That was great, Nirvana were an amazing band, we were lucky enough to score that run of shows because years before we’d toured with Mudhoney and Matt Lukin who was the bass player of Mudhoney was living with Kurt at that time and they were unknown and said ‘my housemate is interested in coming to Australia would you be interested in supporting them?’ and we didn’t have the record because they were signed to Waterfront records ‘Bleach’ that is and it sold about six hundred copies. We said ‘yeah cool’ so I suppose it started from small things and then in the process they exploded into the biggest band in the world and that was another example of feeling like you’re really in the eye of the storm, you’re right there when things are happening and you’re on the crest of that wave. So there’s that exhilaration of being part of this moving natural force that was Nirvana at the time, and as far as the band goes they were absolutely amazing as a live band, they were unassuming people, they were down to earth and came in and shared Lenny’s birthday cake with us and stuff like that, so I love them as people, I love them as a band and I loved being a part of that tour and it’s something that I’ll always remember. I also think it sold out months in advance because the whole tour was sort of scheduled and booked before that hit the big time and then they were still booked into places like The Venetian Club in Sydney, or the old Palace in Melbourne and so they weren’t huge venues, ANU in Canberra, so they were wild times.

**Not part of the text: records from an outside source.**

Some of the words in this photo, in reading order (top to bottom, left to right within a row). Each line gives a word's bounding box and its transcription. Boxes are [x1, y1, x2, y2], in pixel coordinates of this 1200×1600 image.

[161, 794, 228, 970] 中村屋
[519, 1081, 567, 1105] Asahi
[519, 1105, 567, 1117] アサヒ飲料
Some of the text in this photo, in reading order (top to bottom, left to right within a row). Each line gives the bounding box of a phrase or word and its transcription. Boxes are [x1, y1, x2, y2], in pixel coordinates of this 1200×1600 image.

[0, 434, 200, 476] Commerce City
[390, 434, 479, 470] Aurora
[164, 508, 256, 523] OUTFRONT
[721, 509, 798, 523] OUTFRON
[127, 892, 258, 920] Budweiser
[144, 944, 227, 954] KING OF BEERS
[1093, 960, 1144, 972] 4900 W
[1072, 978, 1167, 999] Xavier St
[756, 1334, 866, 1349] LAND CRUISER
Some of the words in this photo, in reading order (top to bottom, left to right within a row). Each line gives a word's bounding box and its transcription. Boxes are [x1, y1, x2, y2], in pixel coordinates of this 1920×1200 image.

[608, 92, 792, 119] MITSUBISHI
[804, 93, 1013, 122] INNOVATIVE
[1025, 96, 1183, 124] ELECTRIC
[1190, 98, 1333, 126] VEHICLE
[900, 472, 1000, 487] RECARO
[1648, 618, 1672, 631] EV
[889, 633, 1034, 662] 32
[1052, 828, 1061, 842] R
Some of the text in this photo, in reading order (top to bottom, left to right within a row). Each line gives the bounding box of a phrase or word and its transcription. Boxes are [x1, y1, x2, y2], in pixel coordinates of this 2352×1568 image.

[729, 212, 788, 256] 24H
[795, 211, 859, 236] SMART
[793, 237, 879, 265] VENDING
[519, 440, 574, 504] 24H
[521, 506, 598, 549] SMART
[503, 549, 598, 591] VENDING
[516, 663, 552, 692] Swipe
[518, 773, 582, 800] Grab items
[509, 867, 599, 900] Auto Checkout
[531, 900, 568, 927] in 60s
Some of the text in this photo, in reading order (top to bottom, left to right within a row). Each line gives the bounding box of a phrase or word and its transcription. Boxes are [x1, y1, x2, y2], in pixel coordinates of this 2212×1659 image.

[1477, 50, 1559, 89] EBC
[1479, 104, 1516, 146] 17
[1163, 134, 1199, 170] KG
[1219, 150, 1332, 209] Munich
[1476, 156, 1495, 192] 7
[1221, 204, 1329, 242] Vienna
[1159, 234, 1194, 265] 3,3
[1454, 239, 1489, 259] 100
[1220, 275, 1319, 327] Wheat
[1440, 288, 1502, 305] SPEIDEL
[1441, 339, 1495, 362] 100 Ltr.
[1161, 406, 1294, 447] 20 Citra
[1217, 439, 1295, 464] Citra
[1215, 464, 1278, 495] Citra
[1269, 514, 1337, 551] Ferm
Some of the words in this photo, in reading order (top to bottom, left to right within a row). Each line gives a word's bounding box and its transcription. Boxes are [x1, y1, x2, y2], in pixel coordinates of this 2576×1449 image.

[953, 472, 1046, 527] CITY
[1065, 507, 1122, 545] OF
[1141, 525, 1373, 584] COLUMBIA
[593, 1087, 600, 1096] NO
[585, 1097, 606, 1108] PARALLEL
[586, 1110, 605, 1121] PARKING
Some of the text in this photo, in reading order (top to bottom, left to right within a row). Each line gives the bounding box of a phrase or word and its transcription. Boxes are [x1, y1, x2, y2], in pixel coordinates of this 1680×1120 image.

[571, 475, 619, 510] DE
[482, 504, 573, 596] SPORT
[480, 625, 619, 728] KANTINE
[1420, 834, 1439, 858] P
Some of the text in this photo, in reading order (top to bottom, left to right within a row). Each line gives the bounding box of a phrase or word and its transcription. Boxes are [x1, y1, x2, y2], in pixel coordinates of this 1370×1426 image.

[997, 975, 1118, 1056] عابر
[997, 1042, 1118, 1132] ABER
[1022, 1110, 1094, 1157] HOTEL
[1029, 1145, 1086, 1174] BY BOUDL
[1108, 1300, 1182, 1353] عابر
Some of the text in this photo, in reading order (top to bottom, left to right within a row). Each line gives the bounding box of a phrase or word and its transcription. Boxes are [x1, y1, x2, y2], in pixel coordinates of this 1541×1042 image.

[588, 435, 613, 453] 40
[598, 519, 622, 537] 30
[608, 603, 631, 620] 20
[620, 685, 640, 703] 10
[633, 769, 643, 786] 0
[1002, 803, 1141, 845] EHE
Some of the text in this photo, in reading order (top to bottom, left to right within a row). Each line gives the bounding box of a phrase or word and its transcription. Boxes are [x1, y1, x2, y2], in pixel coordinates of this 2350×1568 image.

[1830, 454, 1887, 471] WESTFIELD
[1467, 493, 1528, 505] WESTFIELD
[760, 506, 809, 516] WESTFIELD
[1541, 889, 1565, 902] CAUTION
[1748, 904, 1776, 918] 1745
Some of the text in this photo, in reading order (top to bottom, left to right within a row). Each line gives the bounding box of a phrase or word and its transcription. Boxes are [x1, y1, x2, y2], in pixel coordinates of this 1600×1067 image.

In Canberra people smashed through the glass ceiling to floor windows all along where the gig was, and it was sold out and there was just as many people outside as there was inside and people actually smashed through the glass to get in, there was blood everywhere and we were slipping around on it everywhere backstage, it was disgusting. Yeah, it was wild, just really, really wild.

You guys were a fresh vibe for Australia and really took off in a big way, but what was it like for you coming out at a time when nothing really sounded like you guys here?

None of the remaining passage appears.